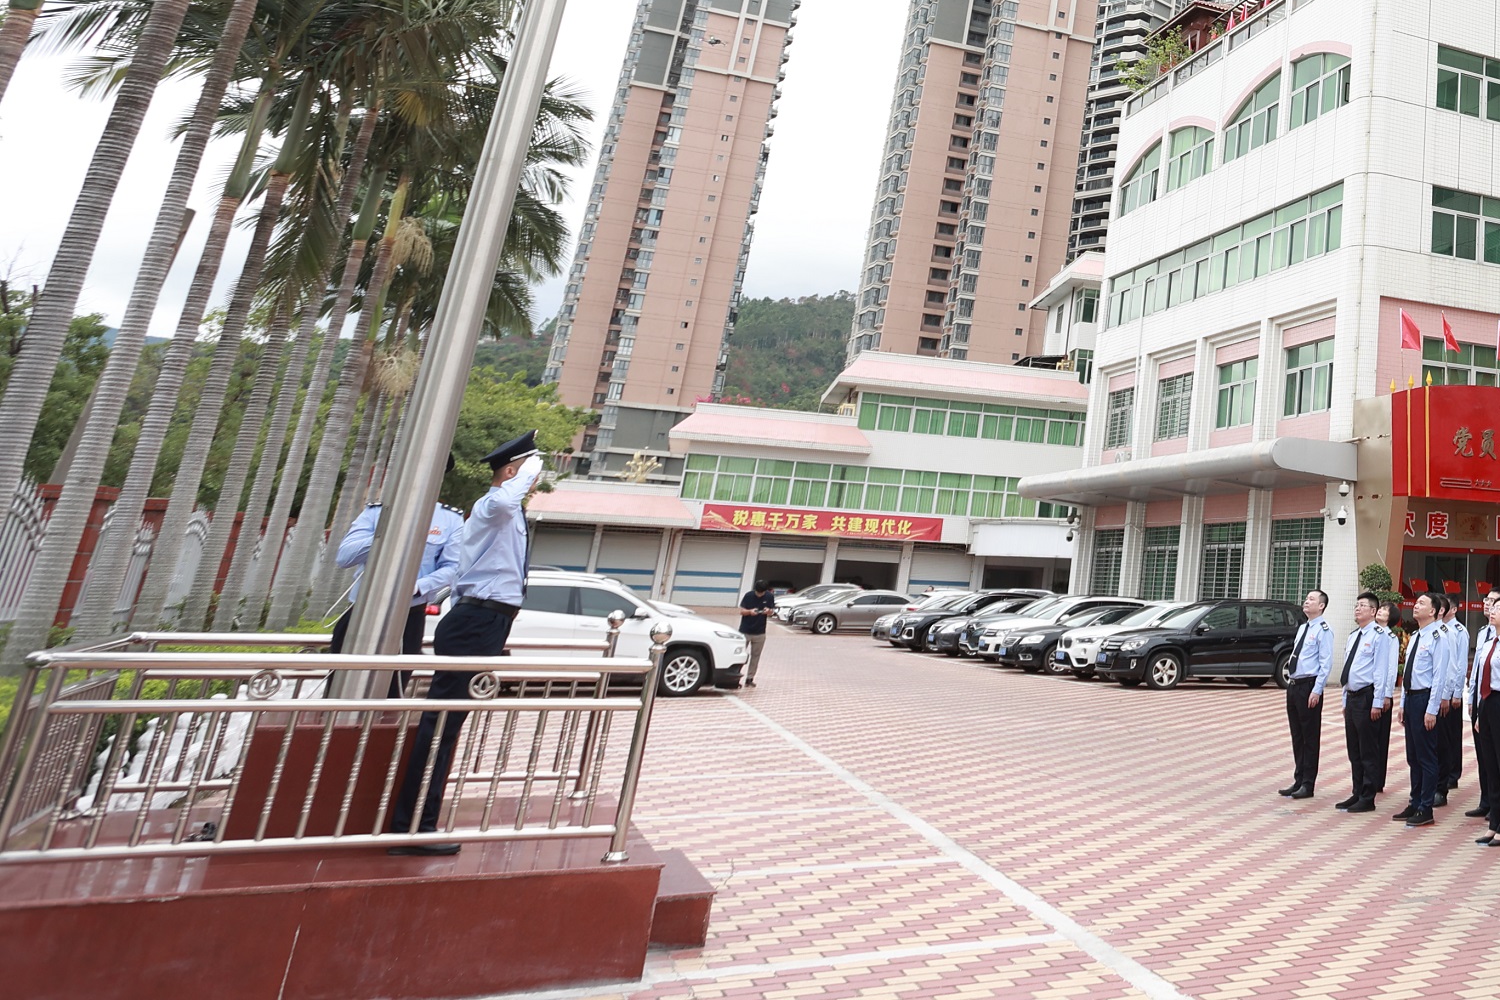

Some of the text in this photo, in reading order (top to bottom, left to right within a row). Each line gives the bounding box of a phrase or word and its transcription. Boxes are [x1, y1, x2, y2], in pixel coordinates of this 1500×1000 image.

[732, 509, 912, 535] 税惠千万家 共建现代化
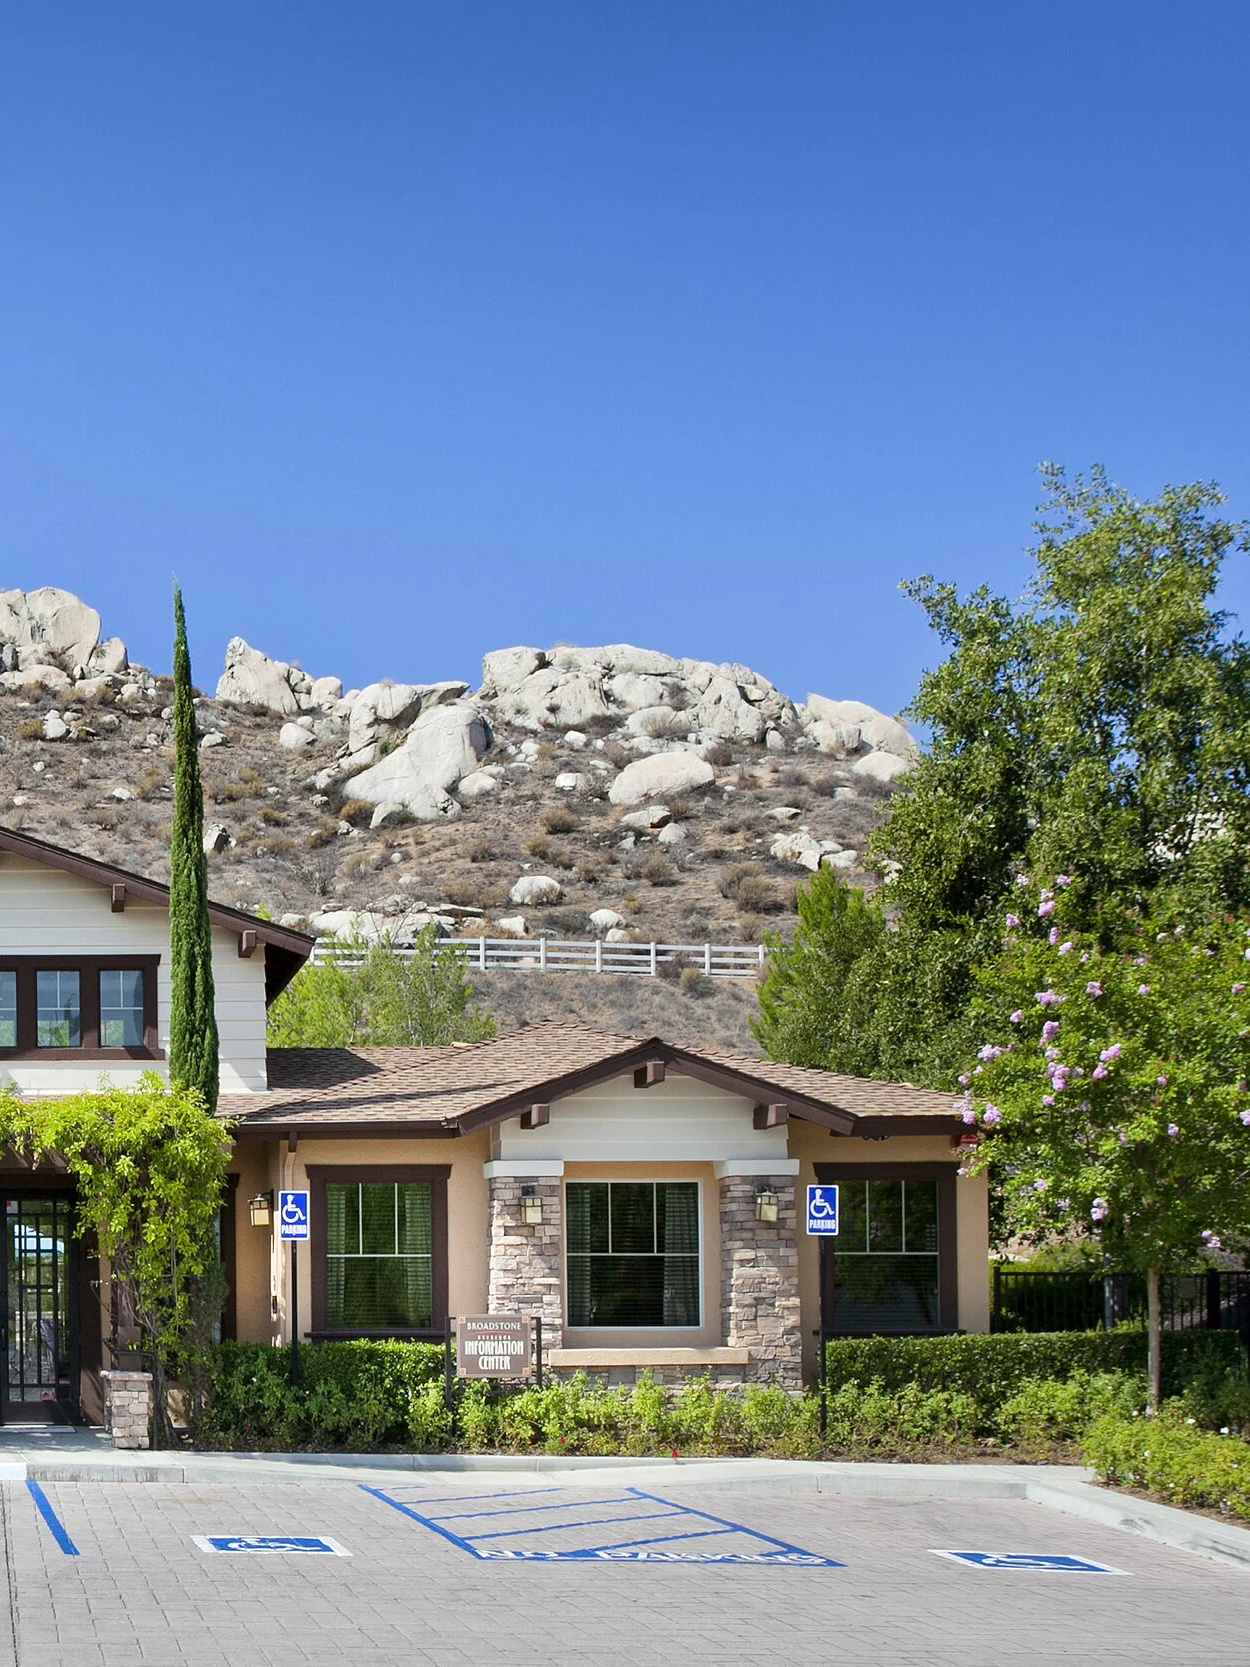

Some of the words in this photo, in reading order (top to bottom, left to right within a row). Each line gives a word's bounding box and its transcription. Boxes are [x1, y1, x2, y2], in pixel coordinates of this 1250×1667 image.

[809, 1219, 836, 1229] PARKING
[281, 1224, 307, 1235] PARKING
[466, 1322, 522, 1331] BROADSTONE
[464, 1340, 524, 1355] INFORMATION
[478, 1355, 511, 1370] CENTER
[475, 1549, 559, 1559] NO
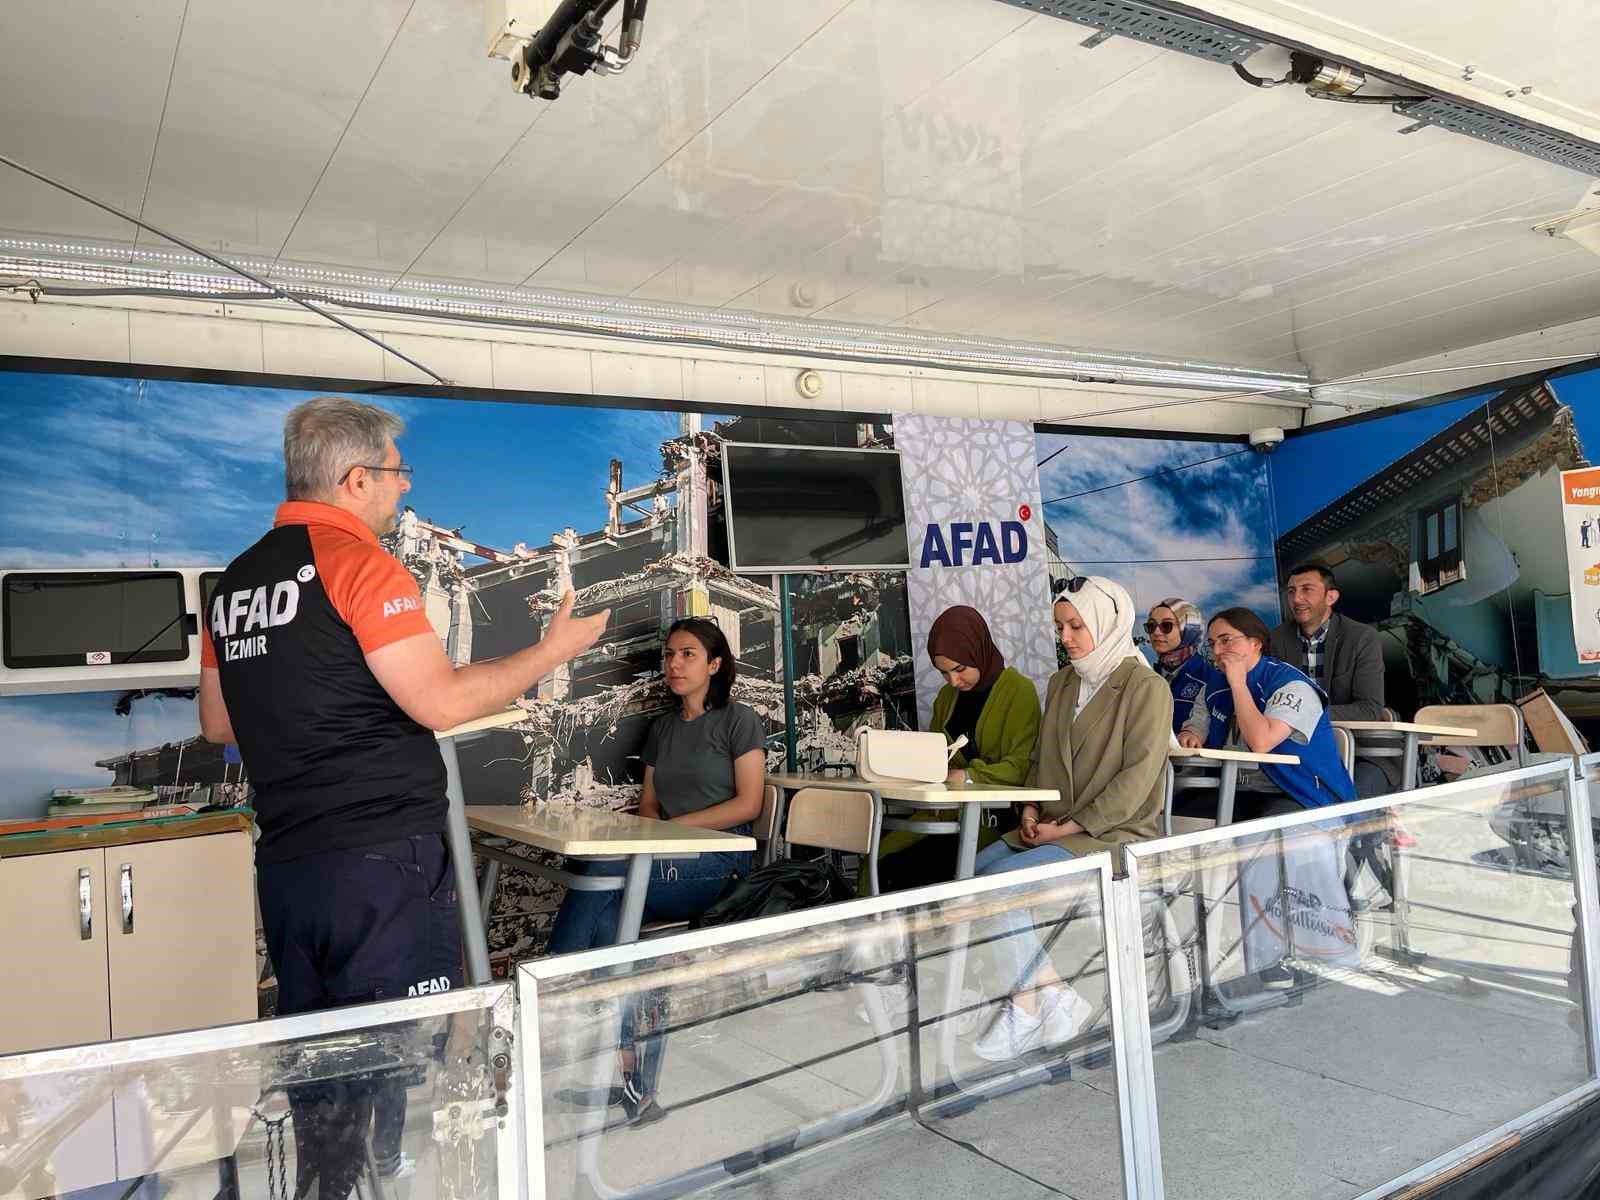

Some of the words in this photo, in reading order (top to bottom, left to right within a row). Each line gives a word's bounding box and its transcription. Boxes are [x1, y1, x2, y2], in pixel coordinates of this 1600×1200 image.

--- ASSIGNMENT ---
Please print out the entries above exactly. The pictures stay out.

--- ANSWER TO THIS TASK ---
Some of the text in this photo, in reading order (top to bottom, left to right within a row). Each line gives the bounding box of a phrase or word and its transcription. Boxes are [x1, y1, x2, y2], in pixel coordinates of this 1500×1000 image.

[732, 509, 912, 535] 税惠千万家 共建现代化

Some of the words in this photo, in reading order (top to bottom, left to right within a row). Each line gives a word's bounding box and its transcription. Boxes are [x1, y1, x2, y2], in pixel coordinates of this 1250×1667 image.

[809, 1219, 836, 1229] PARKING
[281, 1224, 307, 1235] PARKING
[466, 1322, 522, 1331] BROADSTONE
[464, 1340, 524, 1355] INFORMATION
[478, 1355, 511, 1370] CENTER
[475, 1549, 559, 1559] NO

Some of the words in this photo, in reading order (top to bottom, left to right within a row). Each line gives a word's bounding box and its transcription. Boxes are [x1, y1, x2, y2], in pixel coordinates of this 1600×1200 image.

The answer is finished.